É através dela que surge a principal mensagem do filme: Não vale a pena viver insatisfeitos com o presente e valorizar o passado ou imaginar que estávamos melhor se estivéssemos noutro lugar porque a vida é assim mesmo, não importa a época, esta é a nossa, e é nela que existimos e existiremos!!!

Quanto a Paris, saliento a sequência de imagens iniciais lindíssima - 2/3 minutos de imagens da cidade com música - e Woody Allen conseguiu sem dúvida, retratar na perfeição a cor daquela cidade… Simplesmente magnífica!!!

Um filme a não perder!!!

segunda-feira, 14 de março de 2011

O Discurso do Rei

Este fim de semana fui ao cinema. É mais uma das minhas paixões que ultimamente tenho posto de parte nos últimos tempo - por falta de tempo e de conteúdo cinematográfico - mas o regresso foi em grande: Fui ver o Discurso do Rei.


O filme retrata a história do Rei Jorge VI, pai da rainha Isabel II de Inglaterra, e da sua ascenção ao trono após o seu irmão ter abdicado e do seu problema que todos os médicos de grandes credênciais teimavam em não conseguir resolver - a sua gaguês. Neste filme retrata-se especialmente a relação do monarca com o seu terapeuta da falta - brilhantemente interpretado pelo actor Geoffrey Rush. Lionel Logue (o terapeuta) é  um homem simples mas assertivo, que teimou em tratar o rei como um igual e com os seus métodos pouco convencionais conseguiu transformar um homem inseguro num lider.

Excelentes interpretações!!! Excelente filme!!!!  Gostei especialmente da teimosia do terapeuta que não obstante as resistências impostas pelo protocolo, conseguiu mais do que resolver o problema de gaguês, criar uma duradoura relação de amizade com o monarca. Achei deliciosos os toques de humor num filme de cariz mais sério.

Muito bom!!! Aconselho vivamente!!!

quinta-feira, 13 de janeiro de 2011

O turista

No sábado fui ao cinema ver "O Turista", um remake de um filme francês.
Trata-se de um policial romântico (se é que o género existe) cuja publicidade fazia prever um belissimo filme. O elenco liderado por Angelina Jolie e Johnny Deep também prometia!!!

O filme conta a história de um turista americano em viagem pela Europa (Johnny Deep) que, aparentemente por acidente, conhece uma misteriosa mulher (Angelina Jolie) num comboio para Veneza.

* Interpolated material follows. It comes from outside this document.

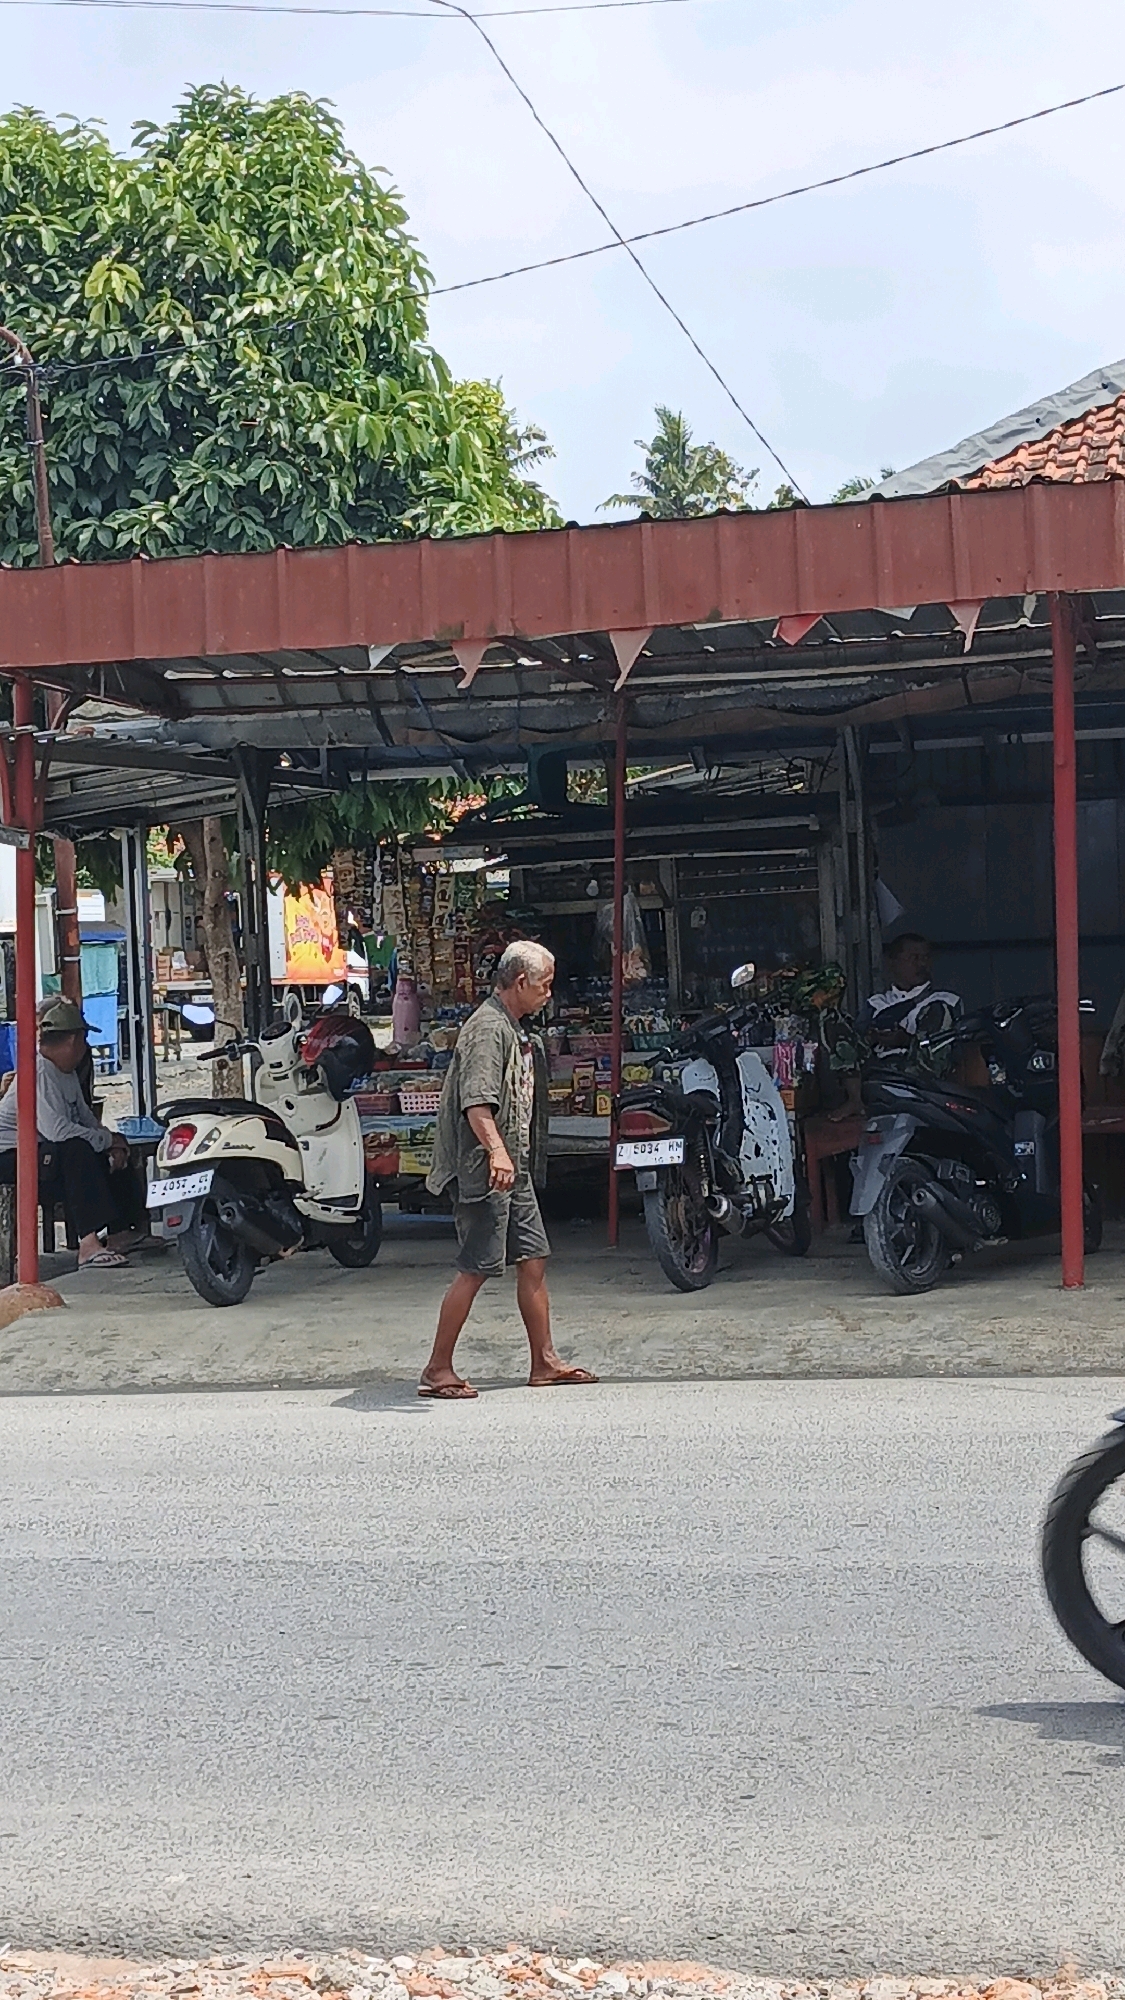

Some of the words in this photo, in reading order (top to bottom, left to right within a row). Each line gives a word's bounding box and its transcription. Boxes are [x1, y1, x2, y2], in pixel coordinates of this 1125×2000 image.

[618, 1145, 624, 1157] Z
[633, 1142, 660, 1155] 5034
[151, 1184, 157, 1195] Z

Em Veneza vivem uma aventura perigosa e o romance vai nascendo.

O filme é interessante, a história está bem conseguida, mas desiludiu-me um pouco a falta de química entre a Angelina Jolie e o Johnny Deep. Eu adoro o Johnny Deep mas decididamente não consegui vibrar com este Frank Tupelo. É uma personagem demasiado normal para o brilhantismo que ele, de um modo geral, empresta às suas interpretações.

Criticas à parte, como já não ía ao cinema há algumas semanas, soube-me bastante bem ver este filme onde destaco, sem dúvida, num enredo complicado (ou não - porque a meio o filme previ logo o final) as cenas de comédia, que são inteiramente protagonizadas pelo Johnny Deep (aqui sim parecia ele) e que tornam o filme leve e agradável de seguir.

Recomendo!!! É um serão agradável!!!